======== Data for analysis ========
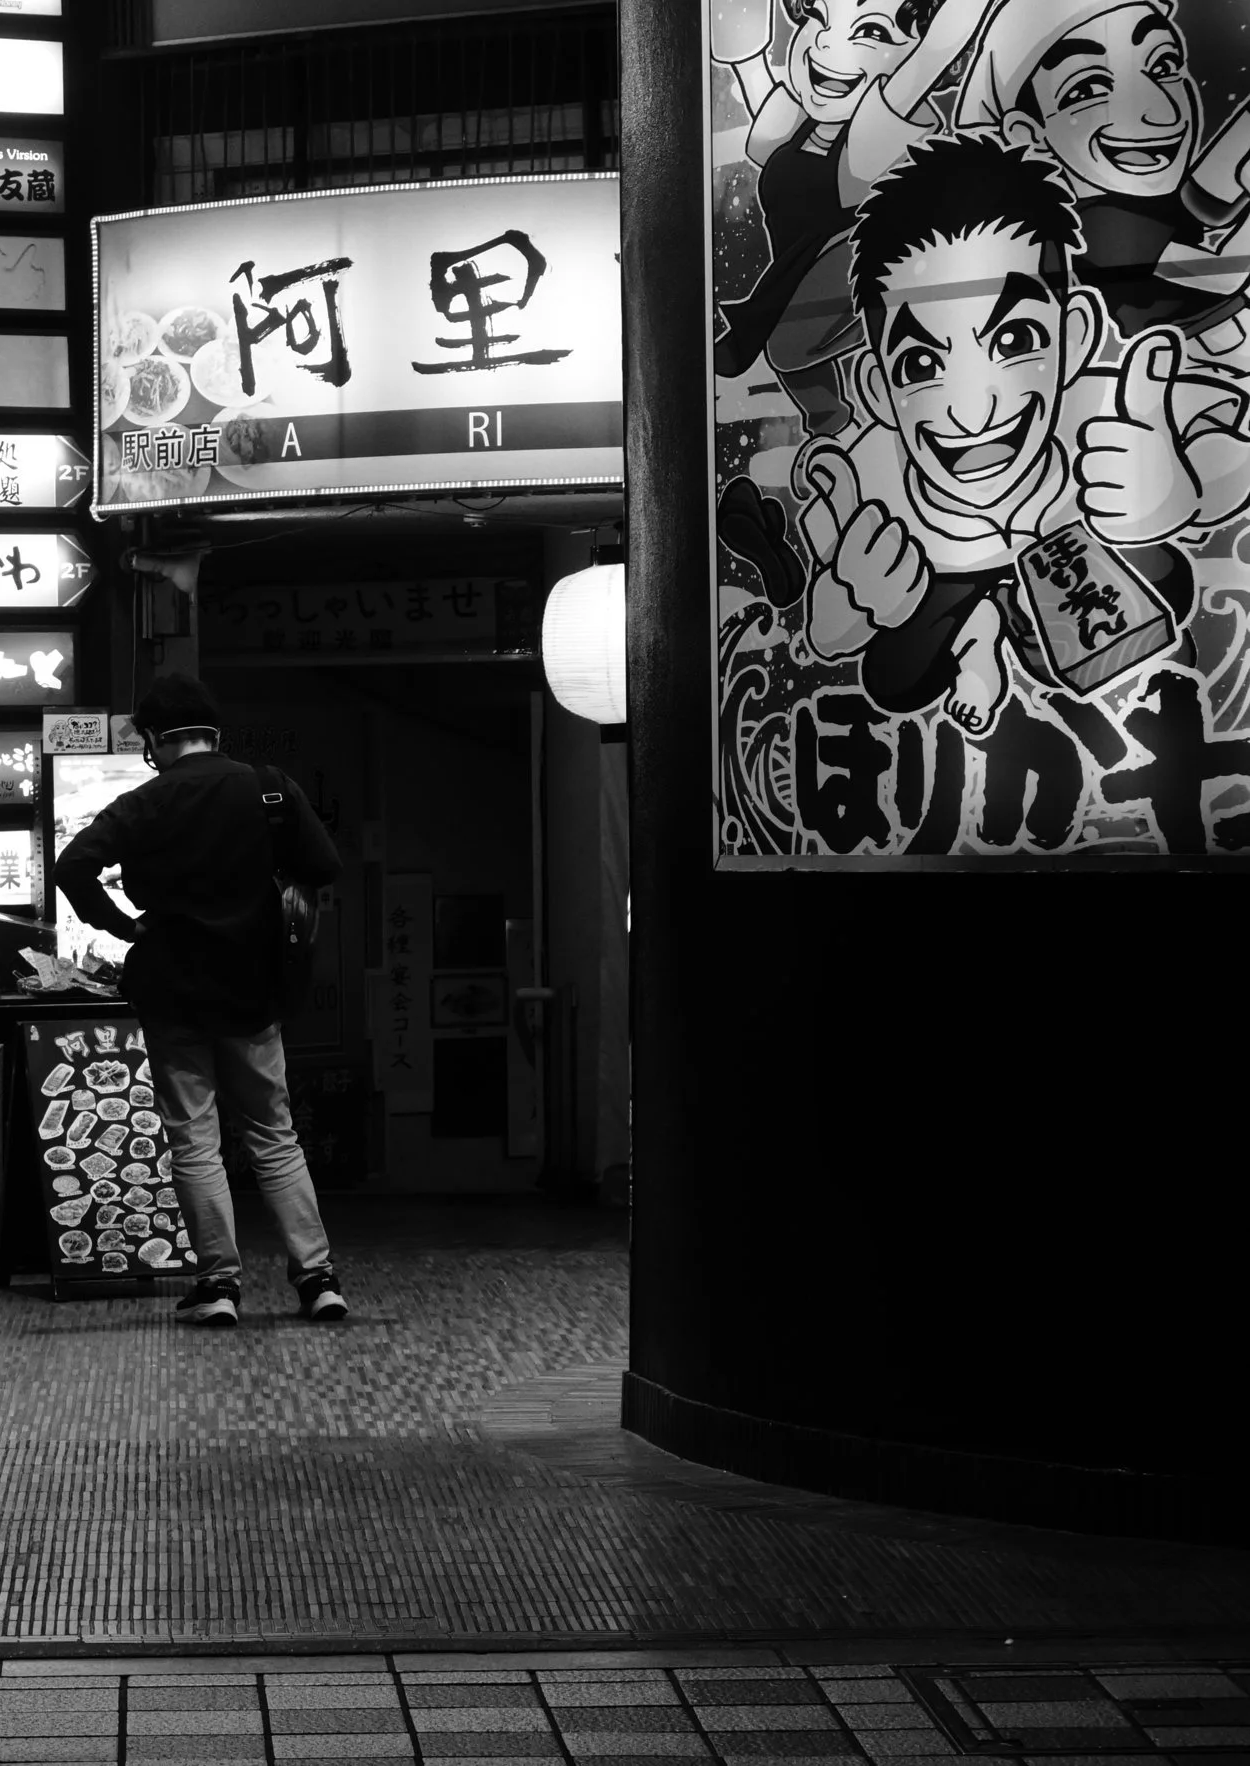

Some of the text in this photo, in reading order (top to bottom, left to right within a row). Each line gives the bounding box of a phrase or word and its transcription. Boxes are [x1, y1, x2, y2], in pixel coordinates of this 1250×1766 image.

[6, 148, 49, 162] Virsion
[280, 411, 504, 458] A RI
[121, 425, 222, 471] 駅前店
[58, 464, 90, 481] 2F
[60, 562, 91, 579] 2F
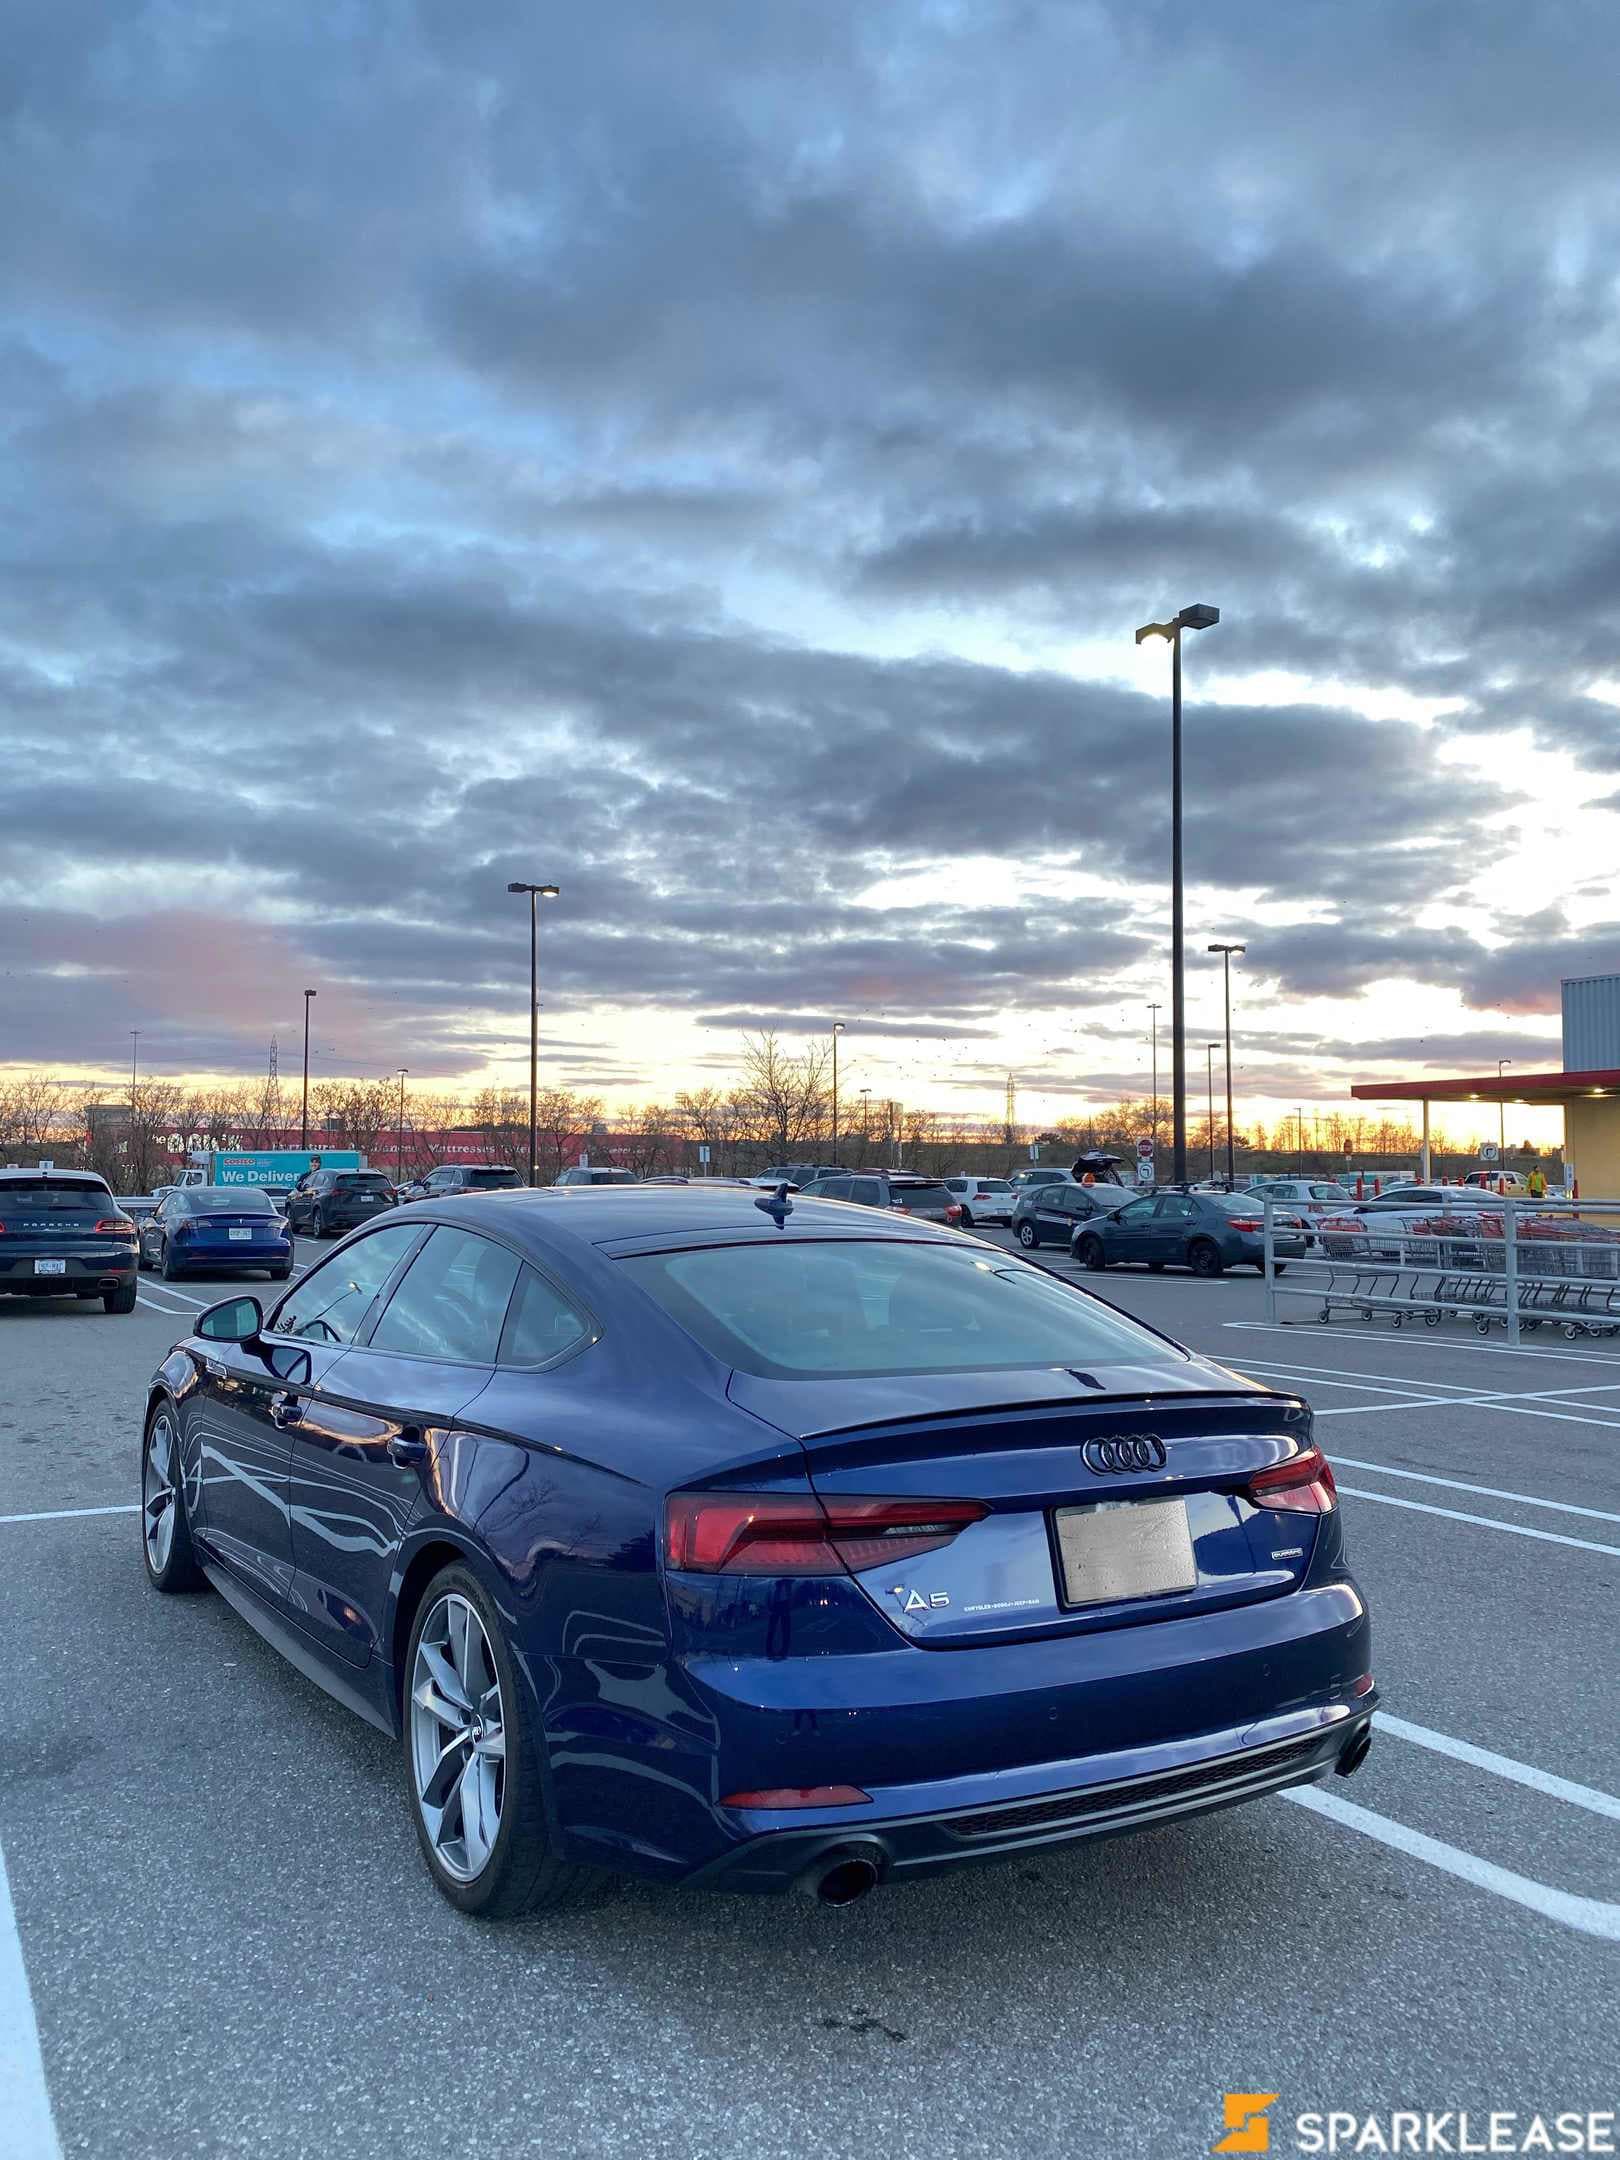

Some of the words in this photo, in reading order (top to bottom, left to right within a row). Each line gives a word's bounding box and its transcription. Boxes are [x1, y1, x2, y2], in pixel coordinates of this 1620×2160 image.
========
■ What the exercise asks:
Return the material from above in full, exactly as written, with the pictures omitted.

■ Result below:
Some of the text in this photo, in reading order (top to bottom, left to right within a row). Each line gives the bounding box of a phrase or word and its transcription. Boxes are [x1, y1, x2, y2], in pixel coordinates of this 1250×1766 image.

[6, 148, 49, 162] Virsion
[280, 411, 504, 458] A RI
[121, 425, 222, 471] 駅前店
[58, 464, 90, 481] 2F
[60, 562, 91, 579] 2F

Some of the words in this photo, in reading order (top to bottom, left to right within a row). Each line gives a word's bounding box and its transcription. Boxes are [x1, y1, x2, y2], in pixel coordinates of this 1620×2160 image.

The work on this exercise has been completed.